The GBP EUR exchange rate was -0.35% lower after Rishi Sunak announced his emergency budget package worth £15bn to ease the cost-of-living strain. A £5bn tax will also be levied on the oil industry after bumper profits on the back of soaring oil prices. Markets were buoyed by Federal Reserve meeting minutes that laid out the already-known rate tightening plan.
The GBP to EUR was trading at 1.1730 but is still trying to find a base for further gains around the 1.1700 level.
Sunak finally unveils his emergency relief package for households
Chancellor Rishi Sunak has said that millions of households will receive a £400 discount off their energy bills, while a £5 billion tax will be levied on oil and gas giants.
He was forced to take the action after soaring inflation impacted households with a rise in their energy bills and food.
Mr Sunak said that high inflation is causing “acute distress” across the country, telling MPs: “I know they are worried, I know people are struggling.”
He added that the government “will not sit idly by while there is a risk that some in our country might be set so far back, they might never recover”.
A £6 billion announcement of £400 in support from October replaces the initial plan for a £200 loan, and Sunak will scrap the requirement to repay the money. The plans will be funded by around £10 billion of extra government borrowing.

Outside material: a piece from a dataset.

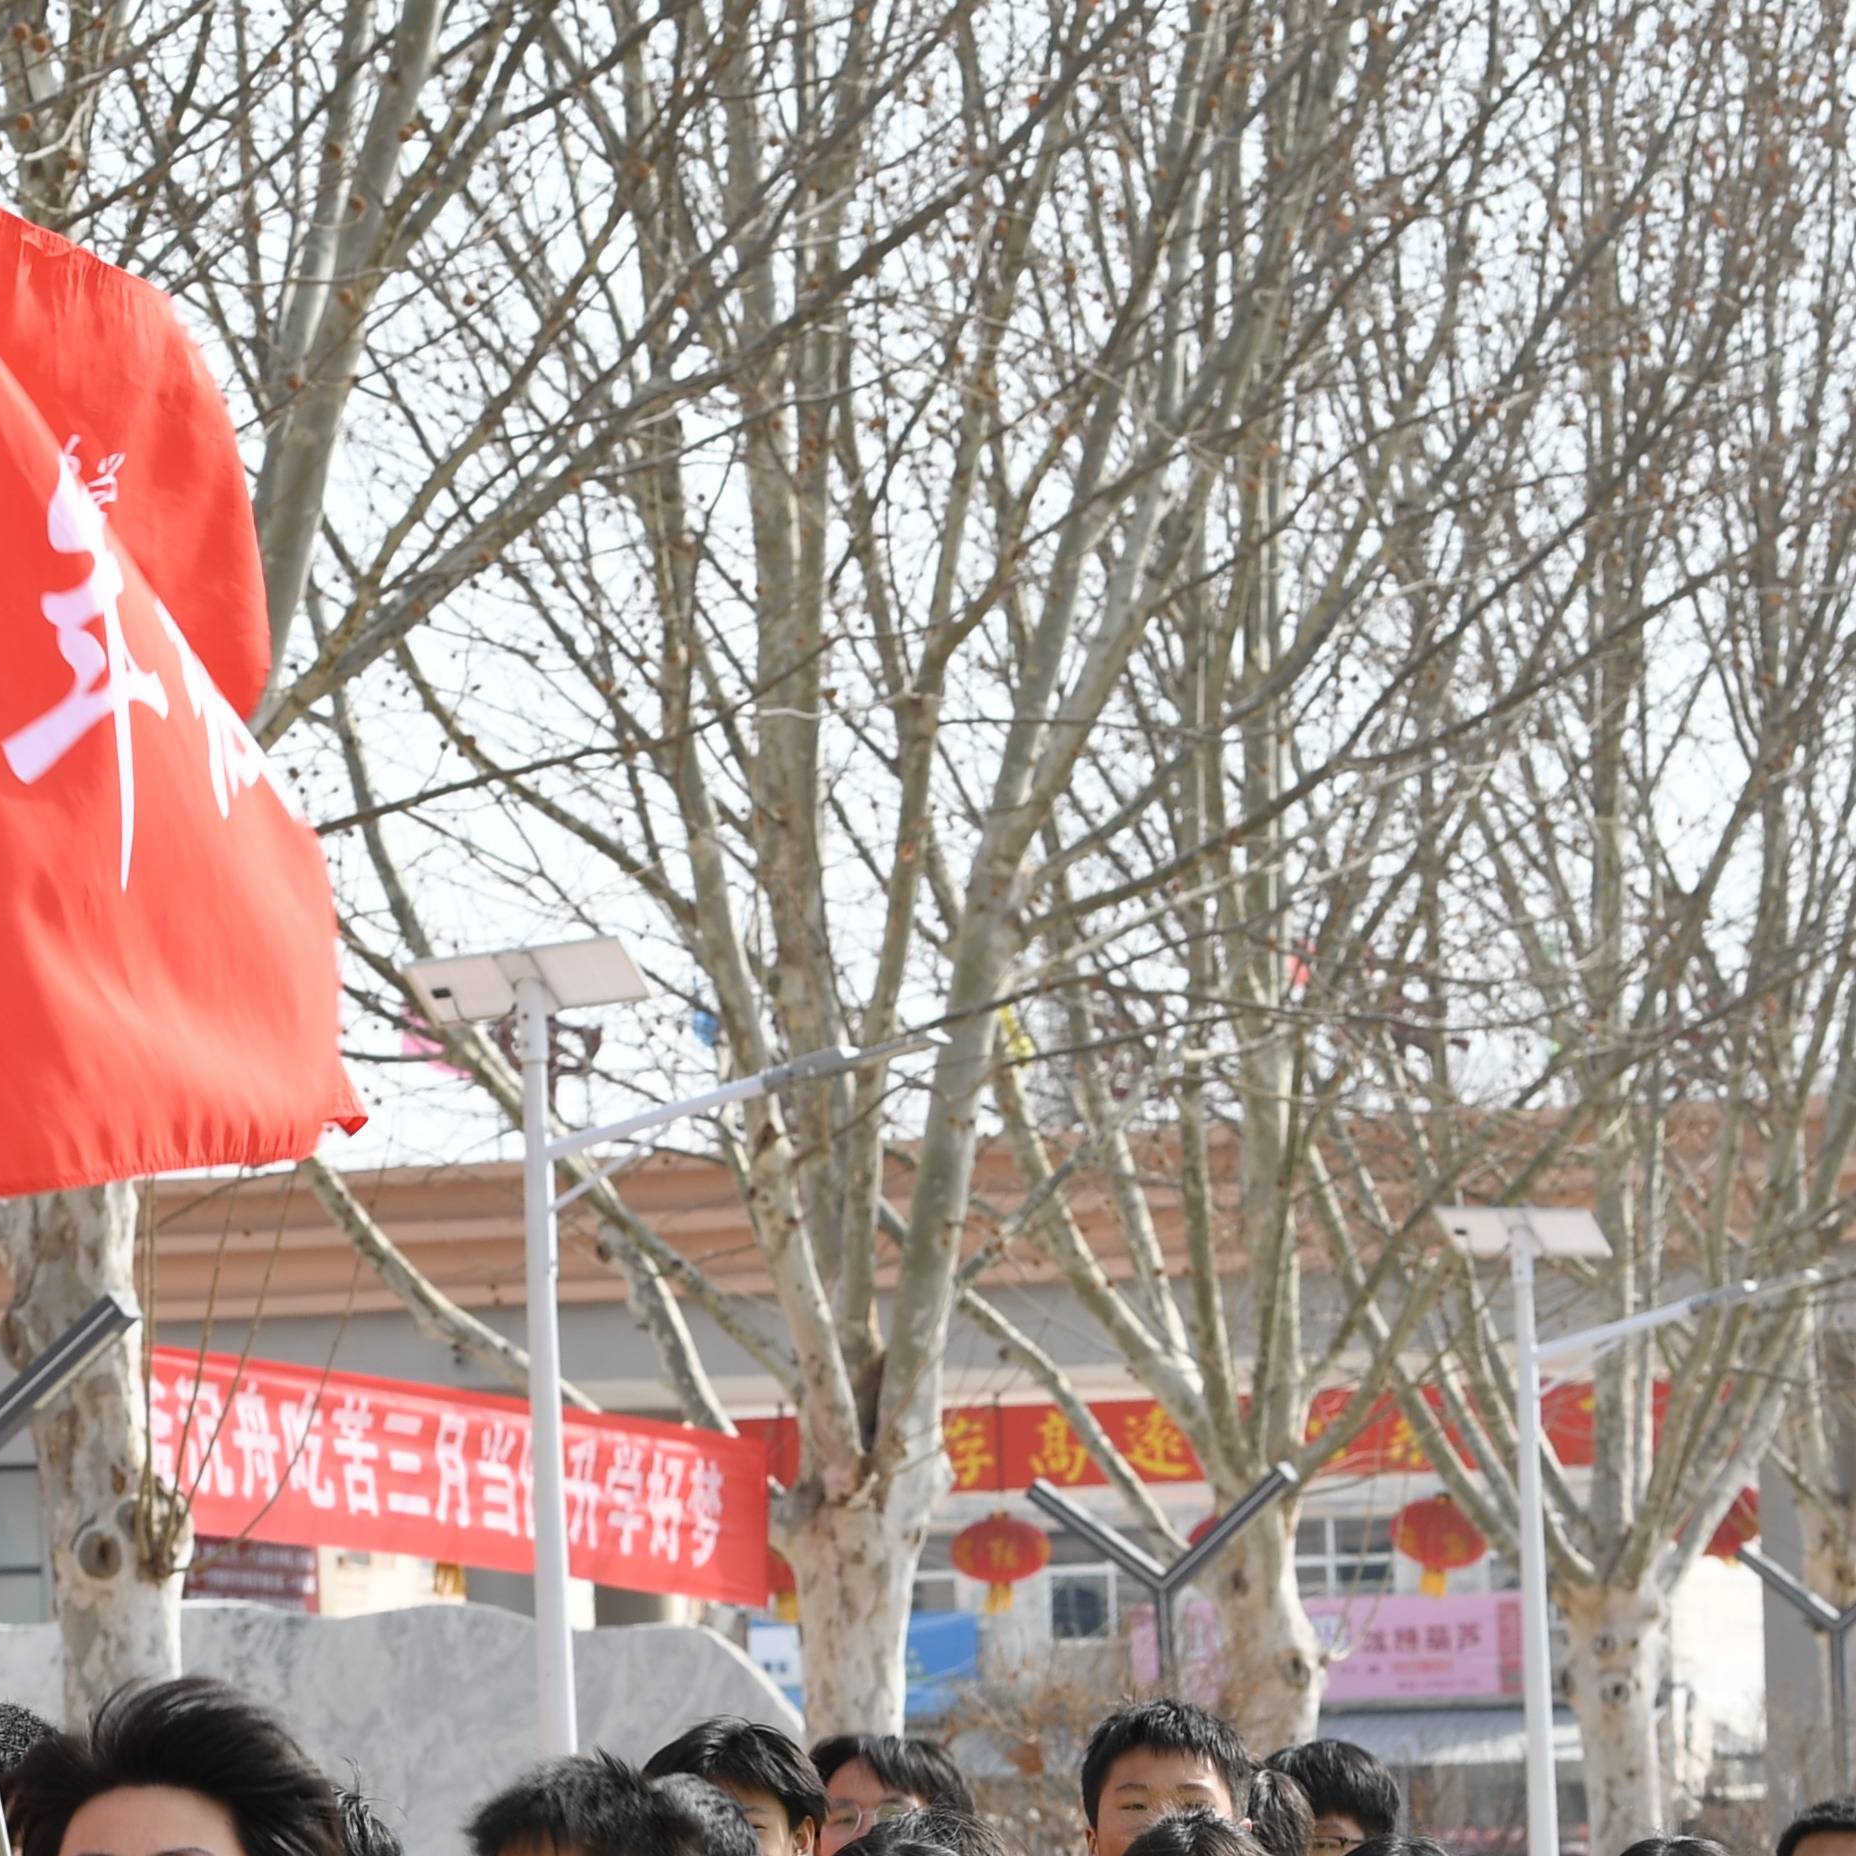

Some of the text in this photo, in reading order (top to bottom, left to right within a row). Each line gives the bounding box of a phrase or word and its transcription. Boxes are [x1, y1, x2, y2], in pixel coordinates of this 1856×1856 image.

The oil & gas windfall tax had faced resistance amongst the government, with the Chancellor, among those, to warn about the impact it would have on future investment in the sector. But Mr Sunak said his plan for a 25% energy profits levy would be coupled with a new incentive for tax relief on investment.
There is no more economic data coming before the weekend and traders will look ahead to next week’s German inflation numbers.
European stocks higher with energy firms and Fed speak
European markets were slightly higher on Thursday, with energy shares and the US central bank leading the way.
Overnight, the Federal Reserve minutes from its May policy meeting showed policymakers’ belief in the strength of the US economy. However, they also agreed to raise interest rates by 50 basis points at the next two meetings to cool inflation. Investors took comfort from the news that was already priced into the market and there was relief that the path was not more aggressive. The minutes could hint at a pause in tightening after July if the initial hikes have some effect.
The European Central Bank has confirmed this week that it plans to start its own tightening in July, which begins with the removal of stimulus bond purchases. An interest rate hike in September is the current goal for the ECB.